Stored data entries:

________

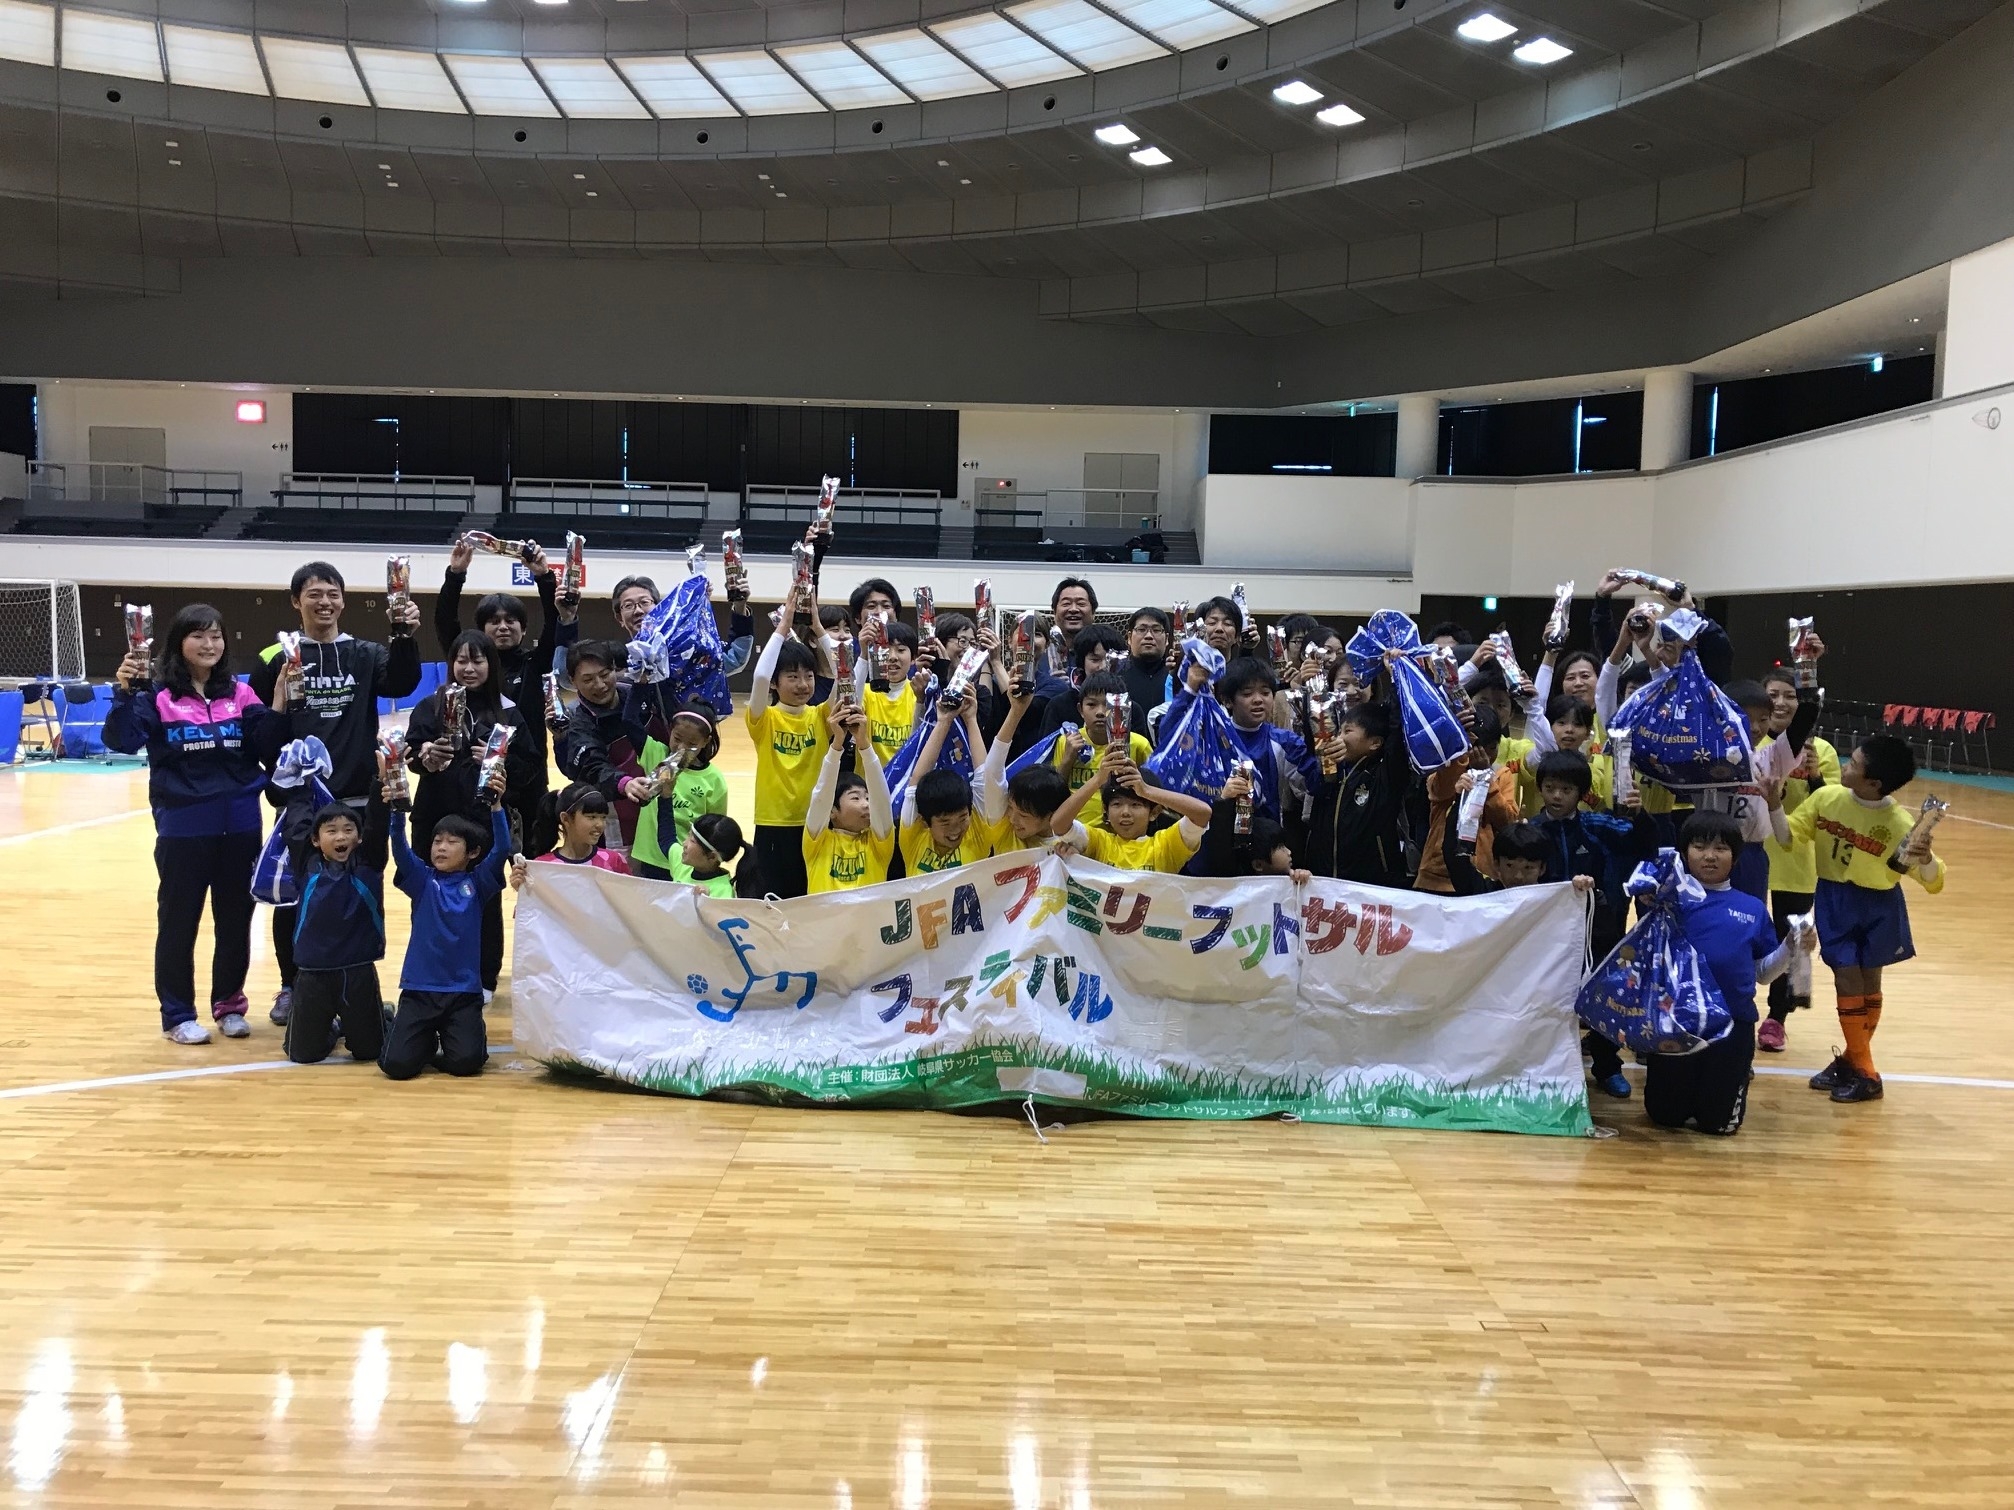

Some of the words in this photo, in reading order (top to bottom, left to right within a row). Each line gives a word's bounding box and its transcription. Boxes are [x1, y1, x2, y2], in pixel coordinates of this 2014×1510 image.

[513, 565, 533, 584] 東
[255, 597, 263, 606] 9
[364, 600, 377, 609] 10
[1727, 795, 1749, 819] 12
[1831, 837, 1853, 866] 13
[881, 882, 985, 950] JFA
[993, 863, 1414, 971] ファミリーフットサル
[871, 949, 1113, 1036] フェスティバル
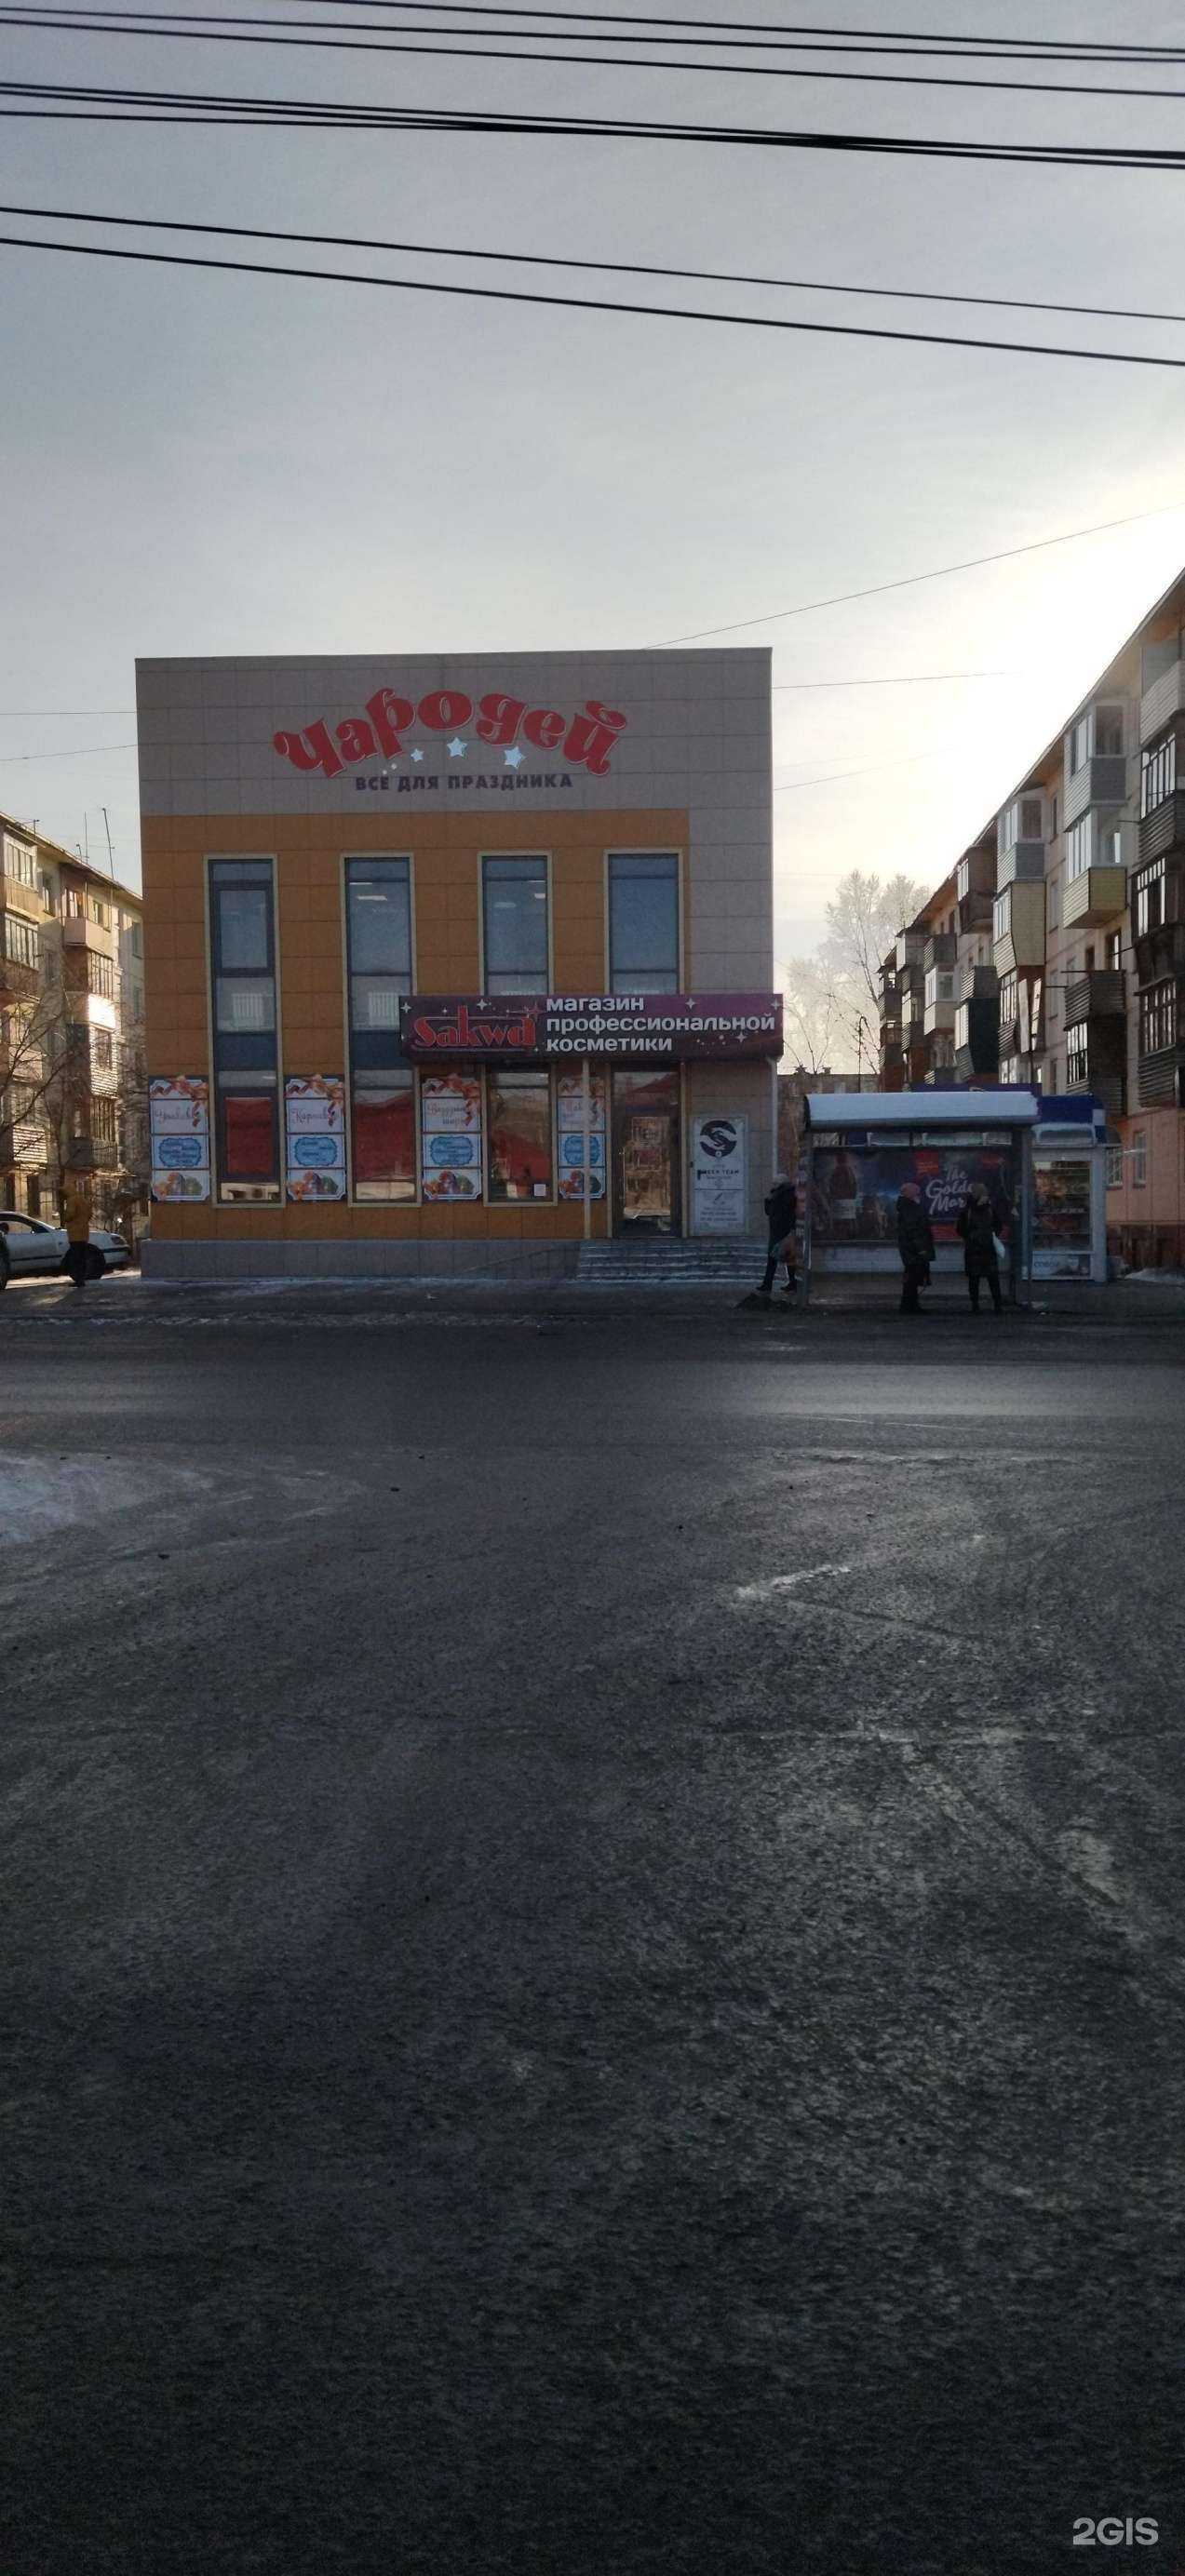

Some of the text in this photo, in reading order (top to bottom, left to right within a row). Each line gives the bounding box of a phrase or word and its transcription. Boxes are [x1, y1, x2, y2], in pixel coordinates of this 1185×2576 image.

[274, 688, 627, 779] Чародей
[356, 773, 572, 792] ВСЕ ДЛЯ ПРАЗДНИКА
[546, 997, 644, 1012] магазин
[546, 1013, 775, 1035] профессиональной
[546, 1037, 673, 1052] косметики
[945, 1165, 968, 1181] The
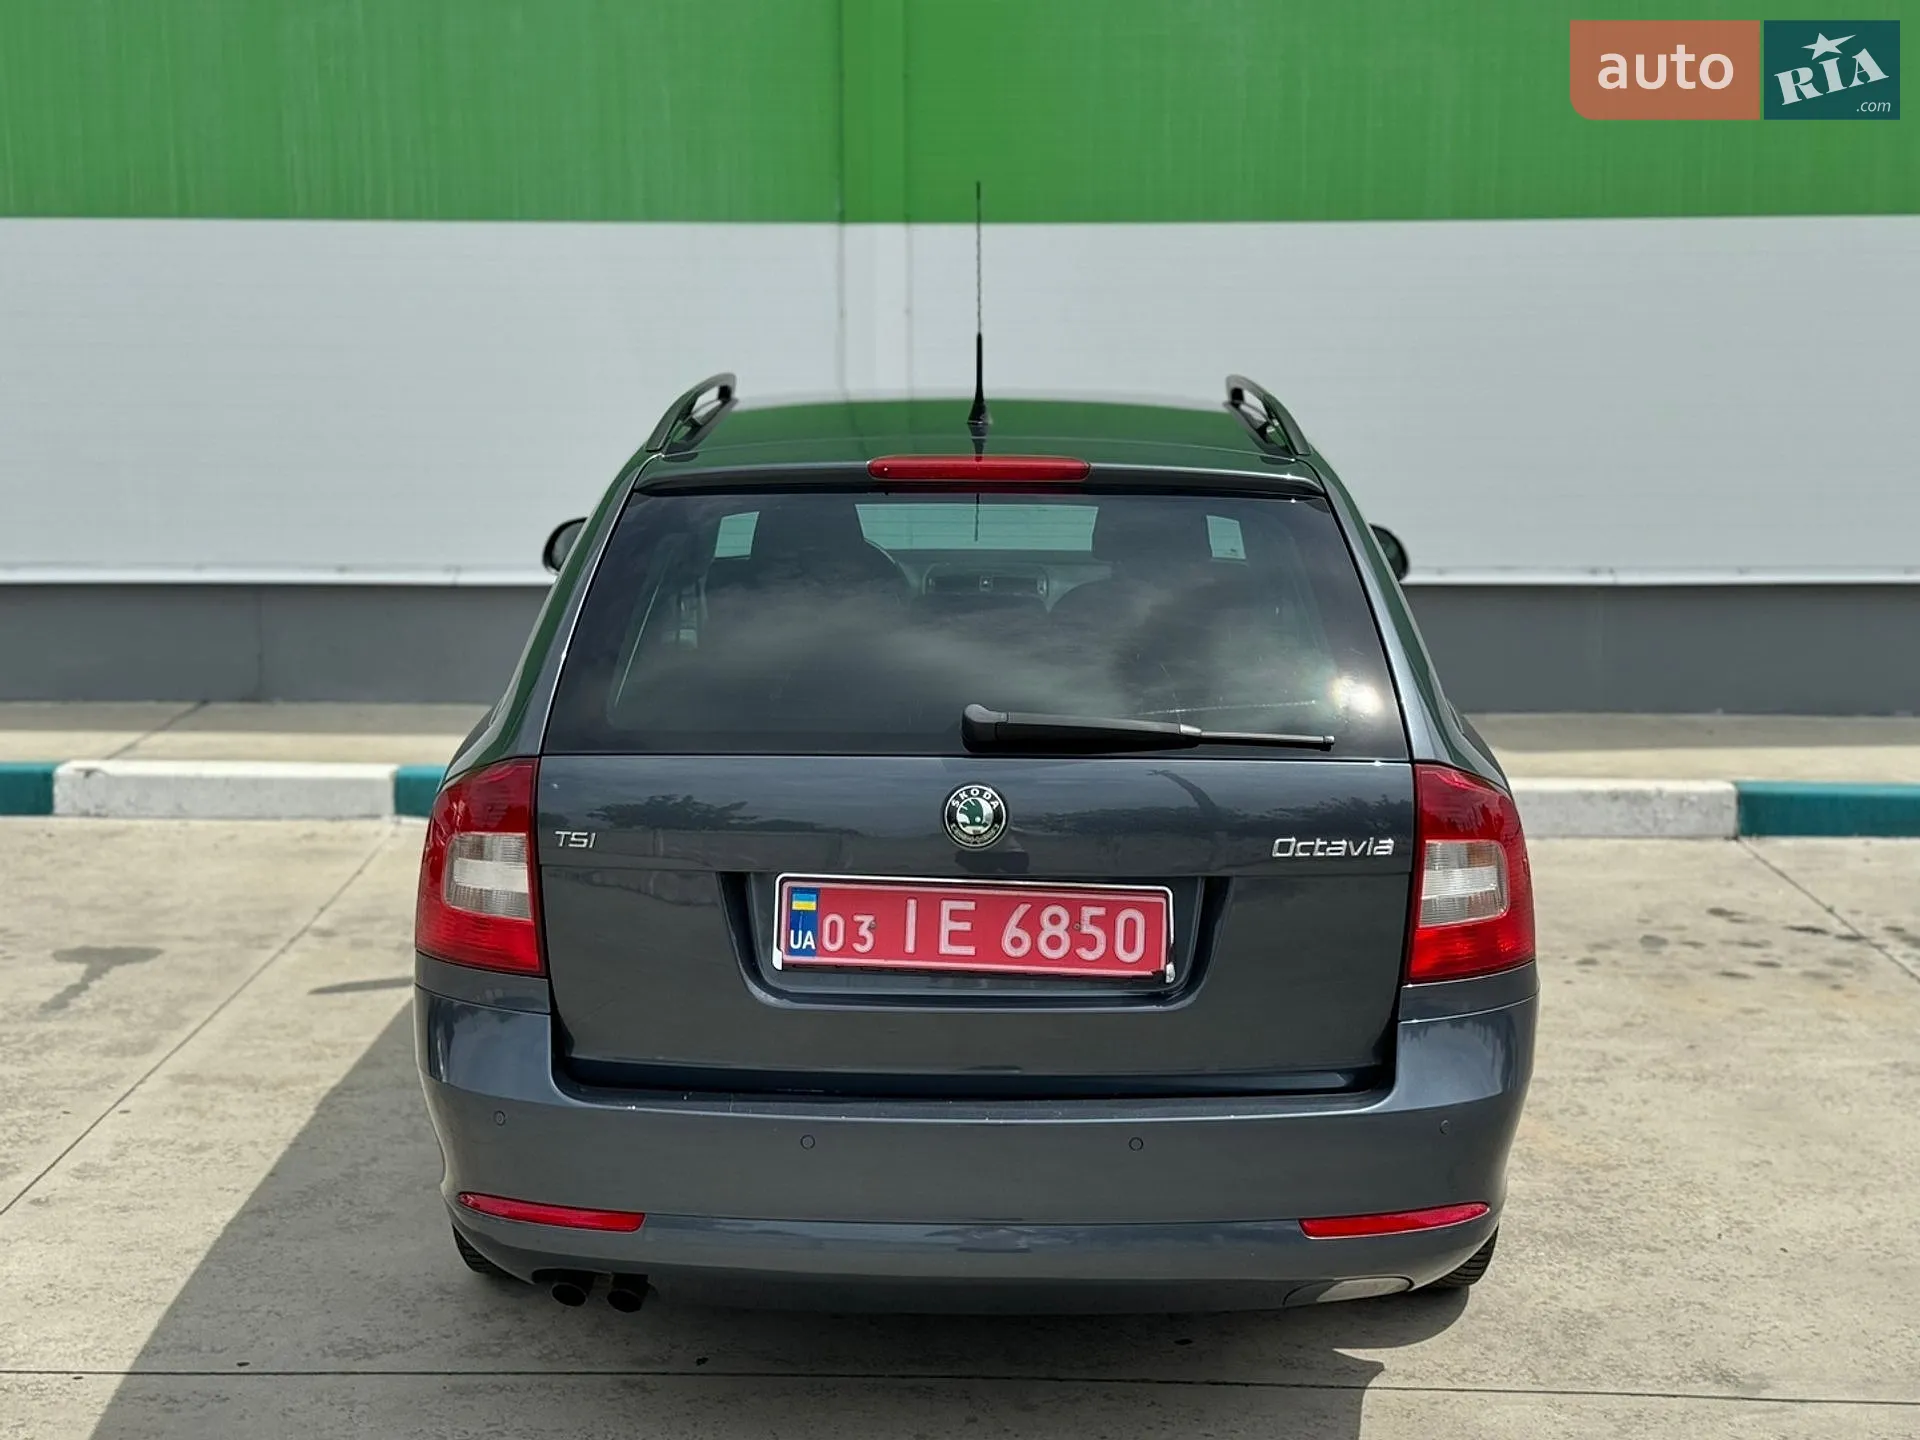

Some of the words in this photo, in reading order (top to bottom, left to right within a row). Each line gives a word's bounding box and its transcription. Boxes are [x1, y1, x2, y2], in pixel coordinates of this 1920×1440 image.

________

> [WHAT TO WORK ON]: From the line with "Some of the text" to the final line of the entries above, reproduce each line exactly and nothing else; the pictures stay out.

> [EXERCISE SOLUTION]:
Some of the text in this photo, in reading order (top to bottom, left to right within a row). Each line gives the bounding box of a phrase or word and its transcription. Boxes are [x1, y1, x2, y2], in pixel coordinates of this 1185×2576 image.

[274, 688, 627, 779] Чародей
[356, 773, 572, 792] ВСЕ ДЛЯ ПРАЗДНИКА
[546, 997, 644, 1012] магазин
[546, 1013, 775, 1035] профессиональной
[546, 1037, 673, 1052] косметики
[945, 1165, 968, 1181] The

Some of the words in this photo, in reading order (top to bottom, left to right within a row). Each line gives a word's bounding box and its transcription. Boxes are [x1, y1, x2, y2], in pixel coordinates of this 1920×1440 image.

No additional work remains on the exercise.